C’était, il y a moins longtemps, il y a cent ans, le 1er avril 1918, l’émeute de la conscription à Québec. Des gens manifestent depuis trois jours, dans les quartiers populaires de Saint-Roch et Saint-Sauveur, contre l’arrestation d’un réfractaire à la conscription par  des « spotters » (des policiers fédéraux). Le maire Lavigueur fait appel à l’armée « pour rétablir l’ordre ».

Au coin Saint-Vallier, Saint-Joseph et Bagot, cette journée du 1er avril, le major Mitchell « fait tirer sur la foule ». Il y a quatre morts (Honoré Bergeron, 49 ans ; Alexandre Bussières, 25 ans ;  Édouard Tremblay, 23 ans ; et Georges Demeule, 15 ans), et plusieurs blessés sur le terrain. Les quatre victimes n’étaient, semble-t-il, nullement des émeutiers. Elles étaient simplement au mauvais endroit, au mauvais moment. Une commission d’enquête conclura que c’est le manque de jugement des « spotters » qui mit le feu aux poudres. Les familles des victimes ne seront toutefois jamais indemnisées. L’historien Jean Provencher nous retrace dans son Québec sous la loi des mesures de guerre : 1918 (avec, en page couverture, la photo des quatre Canadiens français abattus par l’armée), paru chez Lux en 2014, cette crise de la conscription qui a mené à cette rébellion tragique du printemps 1918.

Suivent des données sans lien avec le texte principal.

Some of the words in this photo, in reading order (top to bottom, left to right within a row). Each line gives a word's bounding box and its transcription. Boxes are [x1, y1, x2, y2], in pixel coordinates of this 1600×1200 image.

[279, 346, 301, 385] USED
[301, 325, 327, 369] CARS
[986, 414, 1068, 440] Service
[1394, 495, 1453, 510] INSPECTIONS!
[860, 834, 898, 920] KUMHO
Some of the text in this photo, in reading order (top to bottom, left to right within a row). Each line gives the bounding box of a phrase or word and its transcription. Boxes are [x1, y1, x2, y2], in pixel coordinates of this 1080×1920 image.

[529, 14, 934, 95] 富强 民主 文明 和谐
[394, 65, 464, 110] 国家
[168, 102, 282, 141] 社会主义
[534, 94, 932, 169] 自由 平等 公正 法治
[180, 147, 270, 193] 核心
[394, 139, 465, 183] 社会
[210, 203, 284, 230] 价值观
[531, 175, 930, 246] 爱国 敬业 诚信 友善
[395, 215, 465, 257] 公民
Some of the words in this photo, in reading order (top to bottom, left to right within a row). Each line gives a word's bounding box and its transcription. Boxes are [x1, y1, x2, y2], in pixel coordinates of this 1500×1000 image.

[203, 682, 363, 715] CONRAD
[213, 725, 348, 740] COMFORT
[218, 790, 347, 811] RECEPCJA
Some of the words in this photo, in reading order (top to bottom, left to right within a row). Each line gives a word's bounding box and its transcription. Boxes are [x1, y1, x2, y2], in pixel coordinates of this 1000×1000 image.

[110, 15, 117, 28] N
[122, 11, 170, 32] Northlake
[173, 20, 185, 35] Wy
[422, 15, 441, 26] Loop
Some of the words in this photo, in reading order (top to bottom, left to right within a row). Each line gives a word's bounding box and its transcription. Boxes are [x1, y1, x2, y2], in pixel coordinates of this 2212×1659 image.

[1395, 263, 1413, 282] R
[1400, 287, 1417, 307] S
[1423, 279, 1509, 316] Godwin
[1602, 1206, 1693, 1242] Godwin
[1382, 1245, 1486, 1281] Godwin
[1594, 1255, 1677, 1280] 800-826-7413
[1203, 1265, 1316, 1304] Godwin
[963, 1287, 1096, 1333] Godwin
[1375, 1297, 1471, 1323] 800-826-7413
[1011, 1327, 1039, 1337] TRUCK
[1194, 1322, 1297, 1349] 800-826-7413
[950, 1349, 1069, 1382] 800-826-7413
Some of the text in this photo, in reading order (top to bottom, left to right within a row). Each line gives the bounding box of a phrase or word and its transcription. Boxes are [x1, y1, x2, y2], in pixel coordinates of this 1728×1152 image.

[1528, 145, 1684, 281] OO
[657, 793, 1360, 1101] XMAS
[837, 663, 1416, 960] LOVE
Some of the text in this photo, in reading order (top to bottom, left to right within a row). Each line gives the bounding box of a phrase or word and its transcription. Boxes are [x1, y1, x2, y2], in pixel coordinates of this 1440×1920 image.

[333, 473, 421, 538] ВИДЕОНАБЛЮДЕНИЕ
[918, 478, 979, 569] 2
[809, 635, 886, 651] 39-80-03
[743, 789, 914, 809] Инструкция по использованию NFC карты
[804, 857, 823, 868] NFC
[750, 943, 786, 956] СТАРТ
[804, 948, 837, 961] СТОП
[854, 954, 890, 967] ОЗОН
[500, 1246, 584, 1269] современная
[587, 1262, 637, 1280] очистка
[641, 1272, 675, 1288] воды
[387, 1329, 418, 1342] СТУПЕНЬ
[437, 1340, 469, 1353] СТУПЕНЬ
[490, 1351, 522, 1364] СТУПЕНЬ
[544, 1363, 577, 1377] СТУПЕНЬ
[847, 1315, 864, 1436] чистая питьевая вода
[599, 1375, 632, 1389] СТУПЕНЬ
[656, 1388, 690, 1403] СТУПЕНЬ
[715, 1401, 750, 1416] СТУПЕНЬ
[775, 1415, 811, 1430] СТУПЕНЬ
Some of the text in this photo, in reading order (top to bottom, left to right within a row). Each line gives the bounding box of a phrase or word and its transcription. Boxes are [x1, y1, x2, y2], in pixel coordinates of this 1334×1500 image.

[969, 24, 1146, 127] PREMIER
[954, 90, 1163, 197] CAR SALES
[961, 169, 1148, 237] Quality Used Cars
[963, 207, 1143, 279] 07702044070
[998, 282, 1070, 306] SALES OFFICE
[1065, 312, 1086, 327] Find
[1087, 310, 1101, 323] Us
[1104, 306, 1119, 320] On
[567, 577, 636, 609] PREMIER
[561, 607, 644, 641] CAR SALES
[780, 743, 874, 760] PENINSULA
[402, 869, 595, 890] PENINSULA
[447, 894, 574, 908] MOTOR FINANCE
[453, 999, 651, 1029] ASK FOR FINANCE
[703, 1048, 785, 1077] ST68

À la fin de l’été 1918, il y a cent ans, des Canadiens français, membres du 22e bataillon, se distinguent en Europe dans ce qui deviendra l’offensive victorieuse des Alliés. Ils participent à la bataille d’Amiens, le 8 août (le lieutenant Jean Brillant va s’y mériter sa Croix de Victoria) ; de Cherisy, le 26 et 27 août (un combat terrible, où au prix de lourdes pertes, le 22e va parvenir à franchir la Ligne Hindenburg) ; et de Cambrai, du 3 au 8 octobre (le 22e, cette fois-ci, progresse de plus de 35 kilomètres, et fait plus de 18 000 prisonniers). Le 22e bataillon est au repos, depuis quatre jours, au moment de l’armistice, le 11 novembre. George Lawrence Price, membre d’un autre bataillon, le 28e, sera, deux minutes avant que l’armistice ne prenne effet, à 11 heures, le dernier soldat canadien tué lors de la Première Guerre mondiale.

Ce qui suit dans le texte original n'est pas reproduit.